You can enable an RD Gateway and Redundant Gateway during the environment deployment. SSL certificate is needed for the gateway. If you are requesting a standard SSL, it should be requested for the hostname in following format: xxx.yourdomain.com where xxx is the deployment code that is automatically assigned to the deployment.
The best option is to request a Wildcard SSL, it's the most recommended option since it can cover unlimited host names (or subdomains) for 1 domain. You can even save on cost if you decide to purchase wildcard and then use the covered domain for all your deployments.
The uptime schedule runs according to every deployment’s time zone. We recommend to schedule the Domain Controller (pdc server) to turn on a little sooner than the rest of the servers to give it enough time to start the services and avoid it not joining the domain. Starting it 5-10 min before the rest of the servers should be enough.
DR Solution
Snapshots work great for the disaster recovery because they are able to save the entire VM image. It's recommended to also have a standard backup solution in place (e.g. VSS/ Windows backups) as an addition to Snapshots to be able to quickly recover files without reverting the disk back to an older snapshot or following a process of recovering a drive, attaching it to the server and removing it after the restore.
Snapshots can run anytime, however, for SQL servers it’s recommended to turn them off before running the snapshot in case there’s only one drive for the OS database and the logs.
User profile configuration is taking advantage of the User Profile Disk (UPD) technology in Windows Server remote desktop services. Each user is assigned a virtual hard disk which will hold their profiles, including their home folders. You can disable UPD at the provisioning and in that case, you can configure other technology of your preference to manage user profiles.
Logon Scripts
Each user gets created with a logon script, it shouldn’t be modified in any way. It manages mapped drives and application shortcuts. If they are changed, the update might fail later when changes are made to the user account.
Applications must be installed on the terminal servers manually with command “change user /install” and when finished with command “change user /execute”.
Itopia helps you keep track of the installed applications through Tasks module and allows you to restrict them.
The permissions can be managed through itopia.
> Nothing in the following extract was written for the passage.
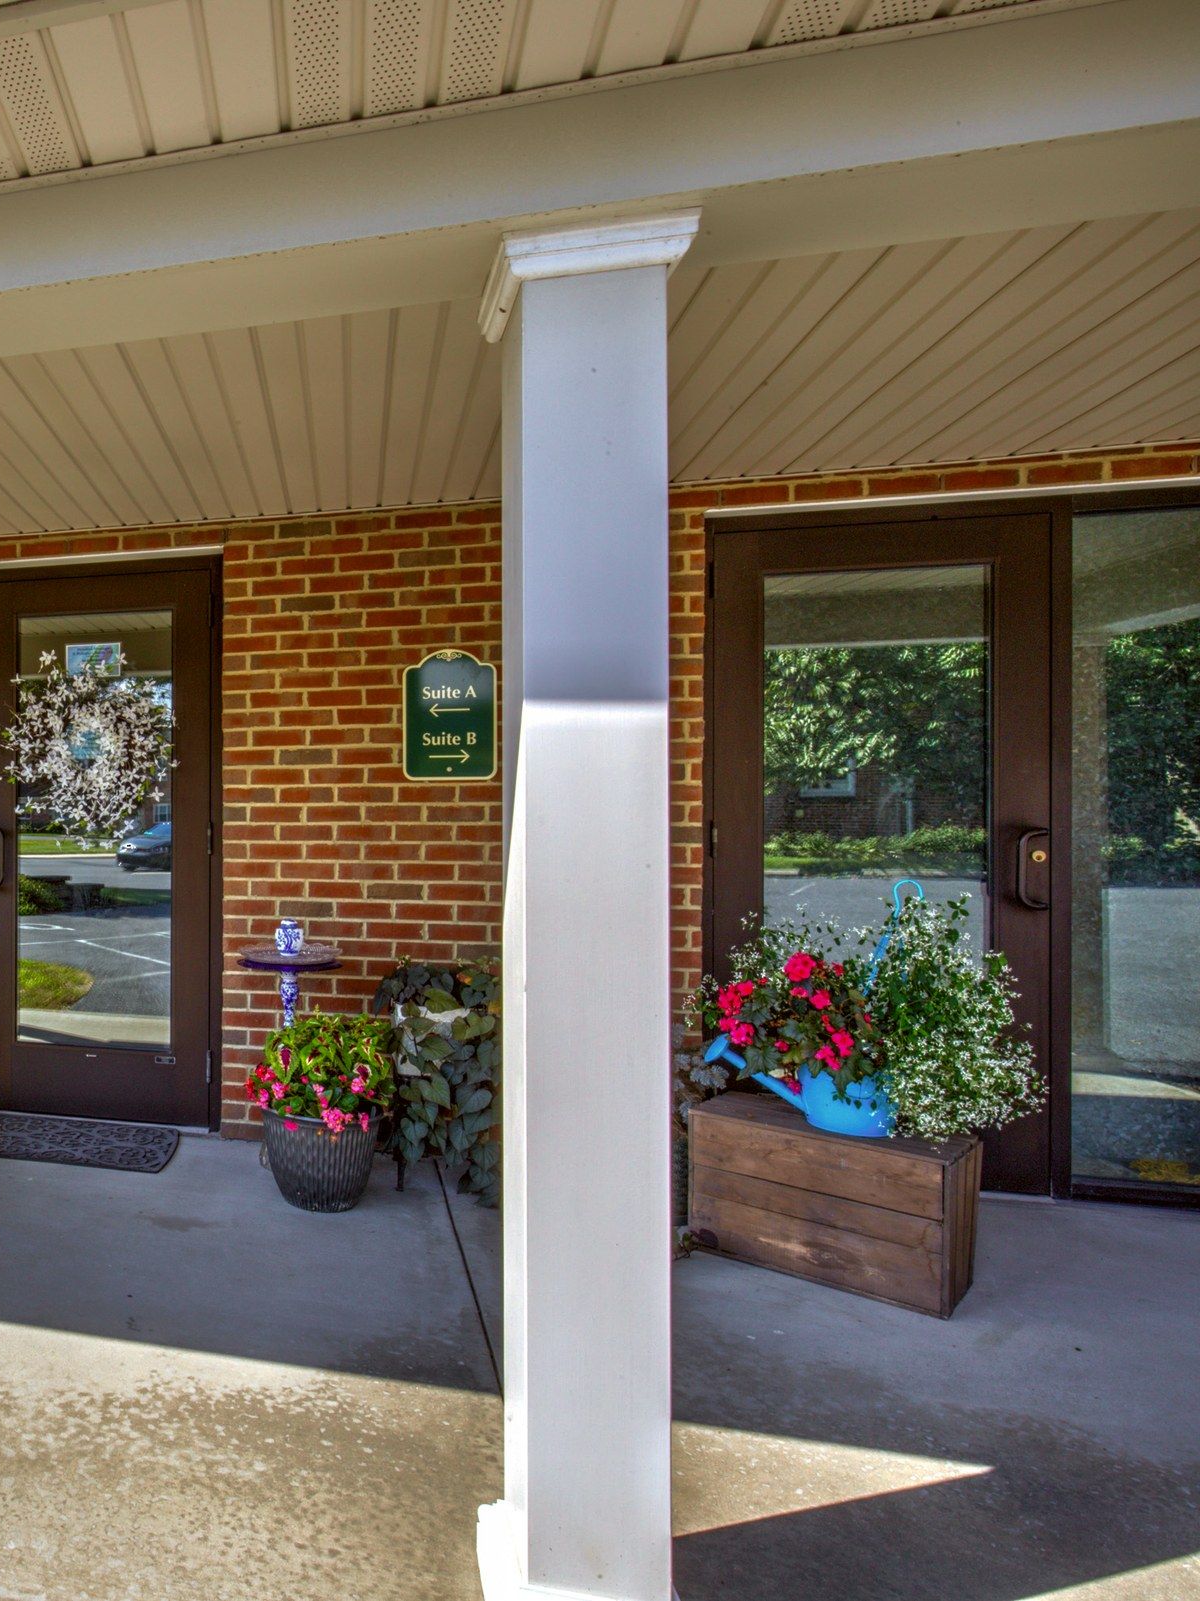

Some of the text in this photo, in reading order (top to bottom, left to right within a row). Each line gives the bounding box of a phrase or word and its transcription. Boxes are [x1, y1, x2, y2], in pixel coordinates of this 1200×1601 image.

[422, 685, 477, 700] Suite A
[422, 731, 477, 746] Suite B
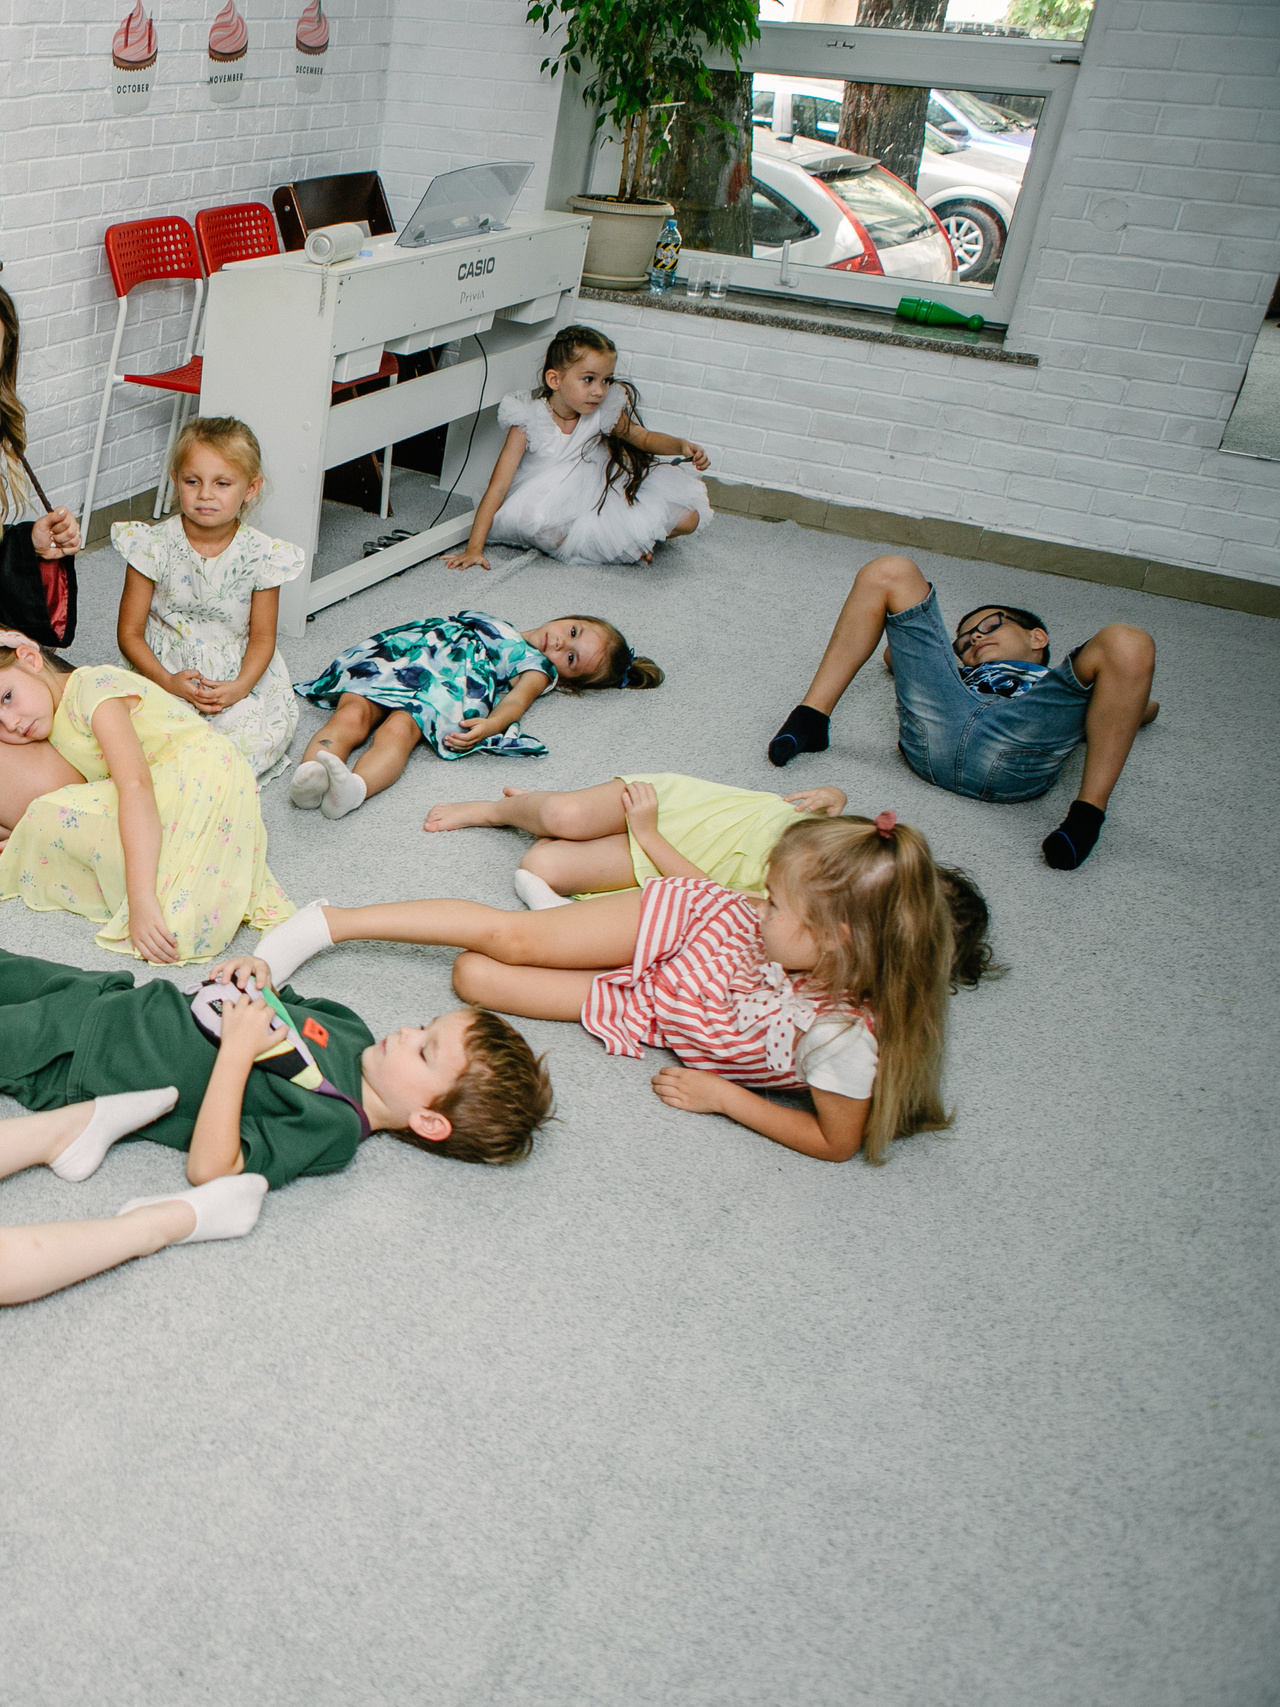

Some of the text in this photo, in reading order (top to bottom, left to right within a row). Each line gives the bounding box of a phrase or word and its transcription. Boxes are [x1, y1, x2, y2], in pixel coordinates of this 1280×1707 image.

Anything that’s under C:\Customer data can be managed through itopia Folders module. Other drives and locations are not integrated with itopia management portal.
Recommended migration practice: create the folder structure and security groups first and then assign all the permissions to the folders before moving the data in. You will get faster performance when the folders are empty and after dropping the data in, they will just inherit the permissions of the parent folders.
After creating a VPN, you will get billed according to Google pricing, itopia doesn't charge for VPN.
When a VPN is created, there is certain amount of time where multiple steps are taken on Google end (e.g assigning the IP). It’s happening in the background. Give the system 5 - 10 min. to finish the changes before testing VPN connection.